The bracket 24 also includes a second plate member 45 abutting flush against the rear face of the first plate member 25 as best disclosed in FIG. 2. Fixed in the front face of the second plate member 45 are a pair of headed pins 46 which extend through a vertical elongated slot 47 in the first plate member 25. The enlarged head portions of the pins 46 hold the second plate member 45 in vertical slidable engagement with the first plate member 25. Extending from the right rear corner of the second plate member 45 is a lower projection 50 also having a neck portion 51 and an enlarged depending tang 52. As disclosed in the drawings, the total height of the projection 50 is less than the height of each slot 13. After the upper projection 40 is locked in its corresponding slot 13, the lower projection 50 is vertically slidably adjusted to register with a corresponding slot 13, through which the projection 50 is inserted.

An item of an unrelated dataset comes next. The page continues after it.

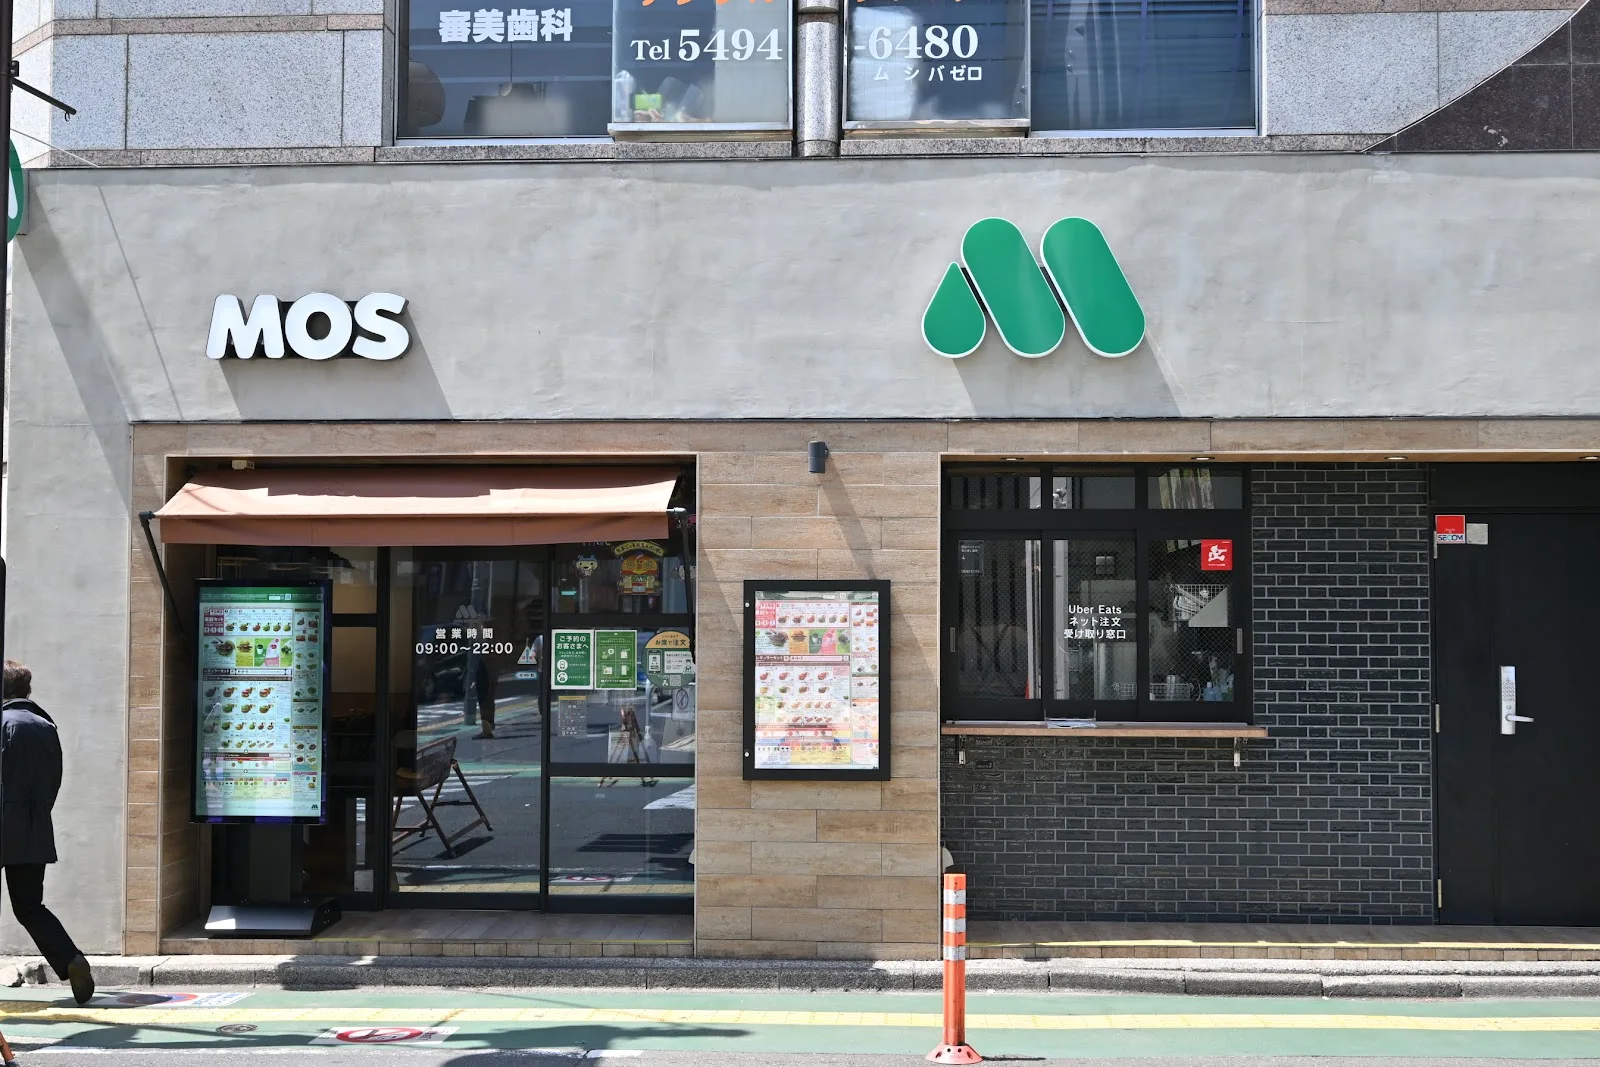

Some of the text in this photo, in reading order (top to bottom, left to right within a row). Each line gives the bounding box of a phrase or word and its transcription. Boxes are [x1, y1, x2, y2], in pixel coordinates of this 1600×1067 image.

Then the neck portion 51 will be permitted to drop by gravity to the bottom of the slot 13 so that the tang 52 will extend below the bottom of the slot 13 to engage the rear side of the standard 12. In this manner, the shelf 15 will be securely locked in position.
It will therefore be apparent from the above construction that even though the spacing between the upright standards 11 and 12 might vary from one gondola to another, the bracket 24 may be adjusted accordingly by sliding the first plate member 25 along the rods 26 and 27 until the projections 40 and 50 are in vertical alignment with the slots 13 of the standard 12. Then, if the spacing of the slots 13 varies from one gondola to another, the lower projection 50 may be vertically adjusted with respect to the upper projection 40 because of the vertical slidable adjustment between the plates 25 and 45.
The bracket 23 is constructed in a similar manner to afford a double lateral adjustment for both ends of the shelf 15, and to permit uniform vertical adjustment for the slots 13 in both standards 11 and 12.
It will be apparent to those skilled in the art that various changes may be made in the invention without departing from the spirit and scope thereof, and therefore the invention is not limited by that which is shown in the drawings and described in the specification, but only as indicated in the appended claims.
What is claimed is:
1. A bracket for supporting a shelf on and transversely of a standard having vertically spaced slots, comprising:
(a) a first movable member having a first projection adapted to be received in one of said slots,
(b) means mounting said first member for transverse reciprocable movement on a shelf for reception of said first projection in said one slot,
(c) a second movable member having a second projection adapted to be received in another of said slots spaced from said one slot, and
((1) means mounting said second member for vertical reciprocable movement on said first member for adjustment of said second projection to be received in said other slot.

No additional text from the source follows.